“Look, I have to go. But think about the job, okay?”
He promises her and hangs up, unlocking his door and switching on the lights. He waters the twisted, overgrown shrub Héloïse left behind—her abortive attempt at a bonsai tree—and sits down heavily on the sofa. He’s tired, but in an enervated way that doesn’t let him rest. Félicette stalks across the floor, disappearsinto the kitchen, then reappears suddenly by his shoulder. He strokes her chin, pours himself another beer, and starts marking the students’ essays. When he gets to Thora’s, he saves it at the bottom of the pile for a treat.
Finally, he’s through the rest of the stack. He clears them aside and leans over Thora’s. She’s drawn the tiny planet he made for her, with her own additions: purple lakes, outlandish trees, aliens with eyes in their toes. Her imagination has overflowed to the point where he can barely tell what’s happening. He squints at a figure sticking out from the side of the planet.
“Dr. Lišková, I presume,” he murmurs.
Seen through her own eyes, Thora is gangly and awkward, sticks of hair spilling out of her space helmet. In her hand, she triumphantly clutches a bottle of some red substance. Santi consults the text to find it’s a “sample.” She’s a good writer for her age, if a little prone to using long words without fully understanding what they mean.
He’s starting to write his comment when he spots himself.
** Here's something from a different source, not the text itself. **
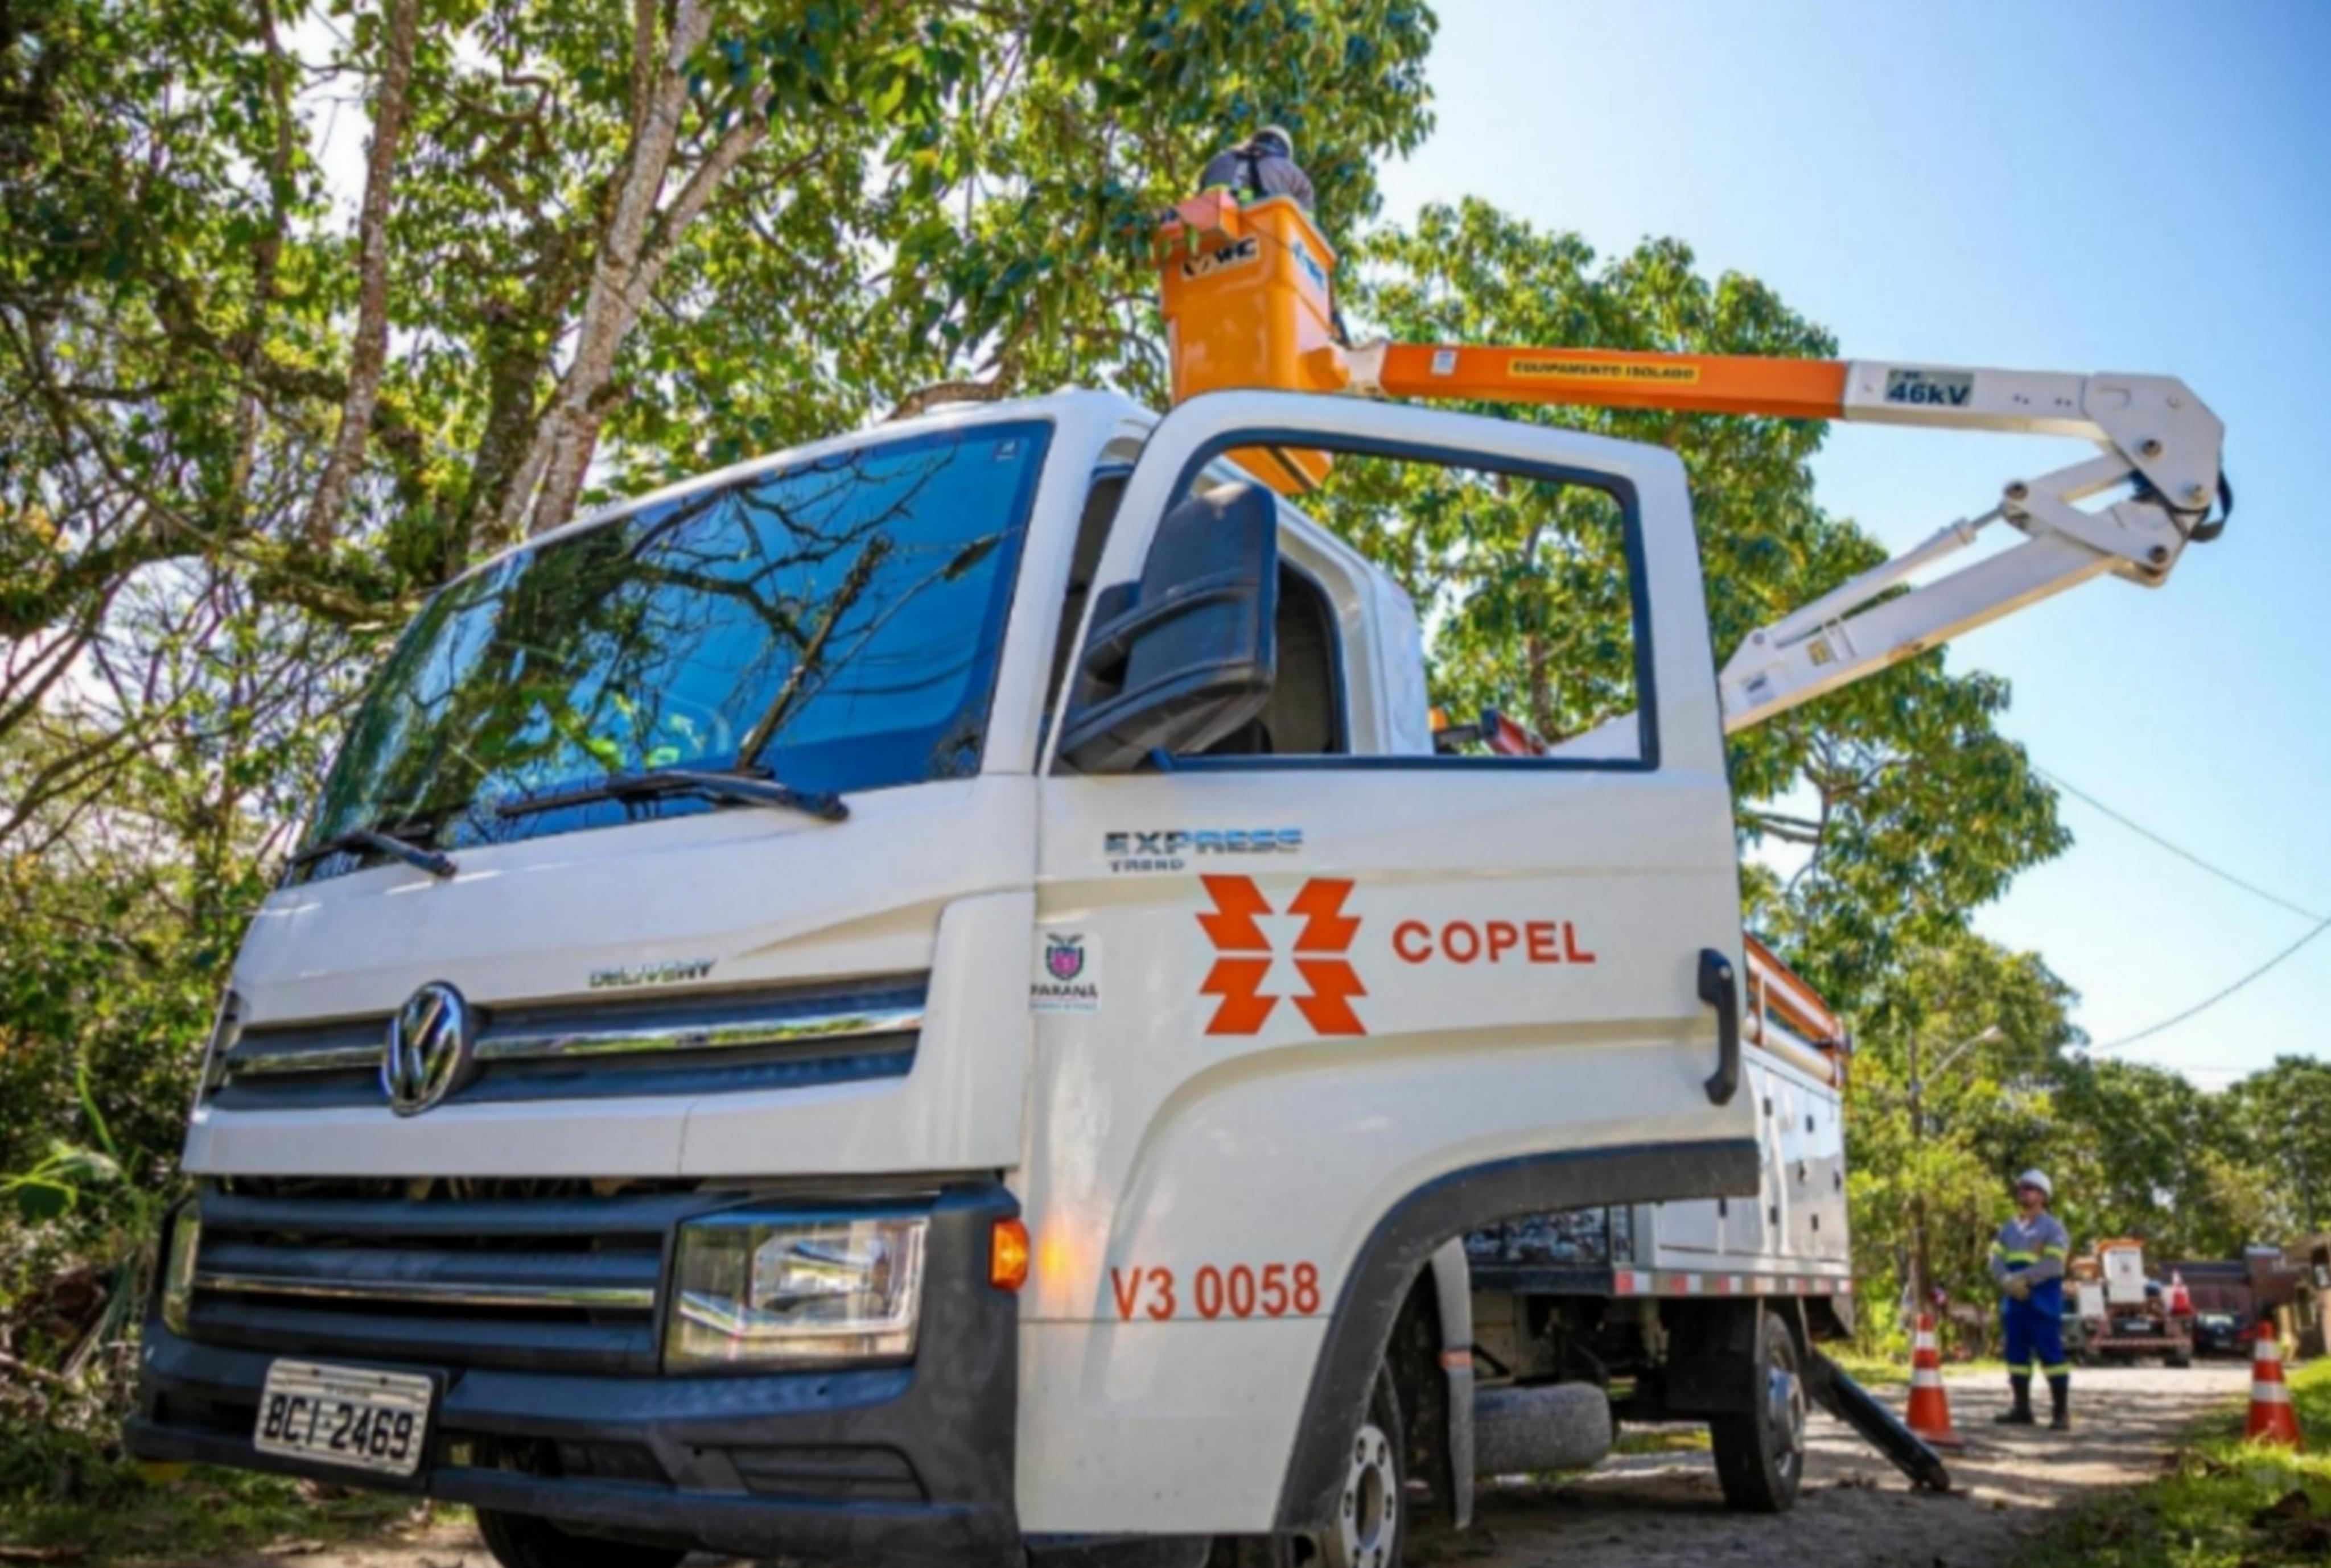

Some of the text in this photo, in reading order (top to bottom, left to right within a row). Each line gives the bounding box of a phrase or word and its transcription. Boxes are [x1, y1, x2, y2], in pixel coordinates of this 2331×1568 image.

A tiny figure on the planet’s opposite side, barely more than a crayon smudge. He wouldn’t have recognized himself if she hadn’t labeled him, in lettering twice the size of his diminutive shape.
“That better not be a comment on my height,” he mutters, taking a swig of his beer.
Good work, he writes.Thanks for inviting me along.
He puts her work with the rest of the pile and leans back, amusement mixed now with melancholy. He envies Thora: not the small miseries of life at her age, but the illusion of infinite potential. He lists again the things that held him back: lack of money, failing his physics exam, his family telling him to settle for something reliable. He asks himself how many of those werejust excuses. Perhaps he sabotaged himself: brought down the failure he feared so he wouldn’t have to wait for it anymore. Or perhaps God wanted him for something different.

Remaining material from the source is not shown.